◆ TASK INSTRUCTIONS: The entries are to be reproduced verbatim, and their pictures left out.

====== DATA UNDER STUDY

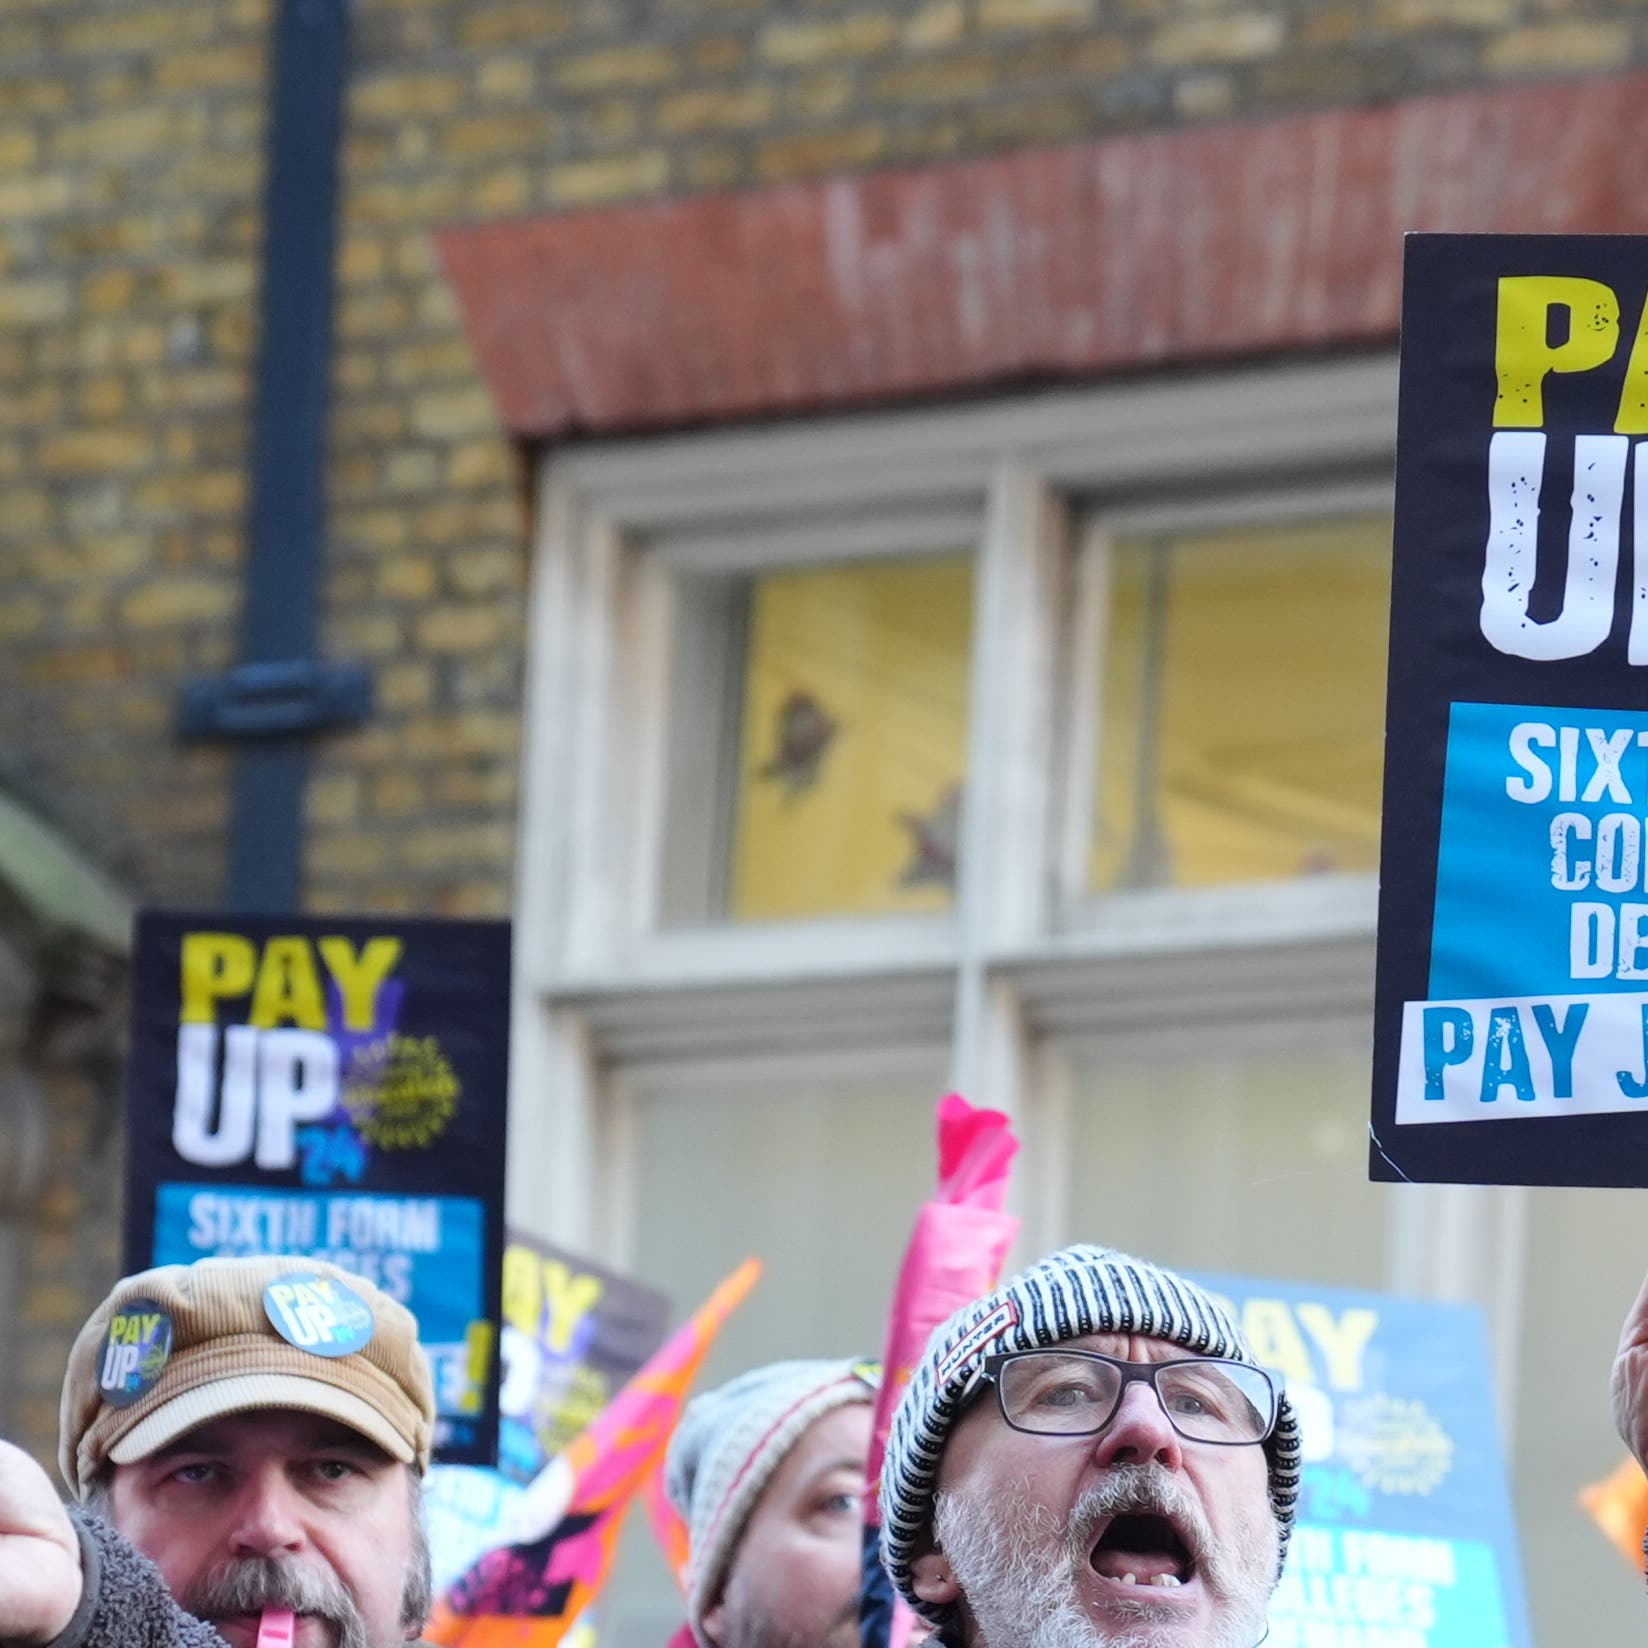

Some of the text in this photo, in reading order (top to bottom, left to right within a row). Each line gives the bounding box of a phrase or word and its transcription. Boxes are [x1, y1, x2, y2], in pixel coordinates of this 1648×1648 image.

[180, 932, 405, 1032] PAY
[1422, 1002, 1590, 1103] PAY
[172, 1023, 340, 1170] UP
[189, 1194, 442, 1254] SIXTH FORM
[110, 1313, 161, 1346] PAY
[268, 1280, 338, 1308] PAY
[284, 1302, 337, 1345] UP
[502, 1245, 601, 1352] AY
[101, 1344, 140, 1391] UP
[1224, 1291, 1379, 1392] AY

============

◆ ANSWER BOX:
Some of the text in this photo, in reading order (top to bottom, left to right within a row). Each line gives the bounding box of a phrase or word and its transcription. Boxes are [x1, y1, x2, y2], in pixel coordinates of this 1648×1648 image.

[180, 932, 405, 1032] PAY
[1422, 1002, 1590, 1103] PAY
[172, 1023, 340, 1170] UP
[189, 1194, 442, 1254] SIXTH FORM
[110, 1313, 161, 1346] PAY
[268, 1280, 338, 1308] PAY
[284, 1302, 337, 1345] UP
[502, 1245, 601, 1352] AY
[101, 1344, 140, 1391] UP
[1224, 1291, 1379, 1392] AY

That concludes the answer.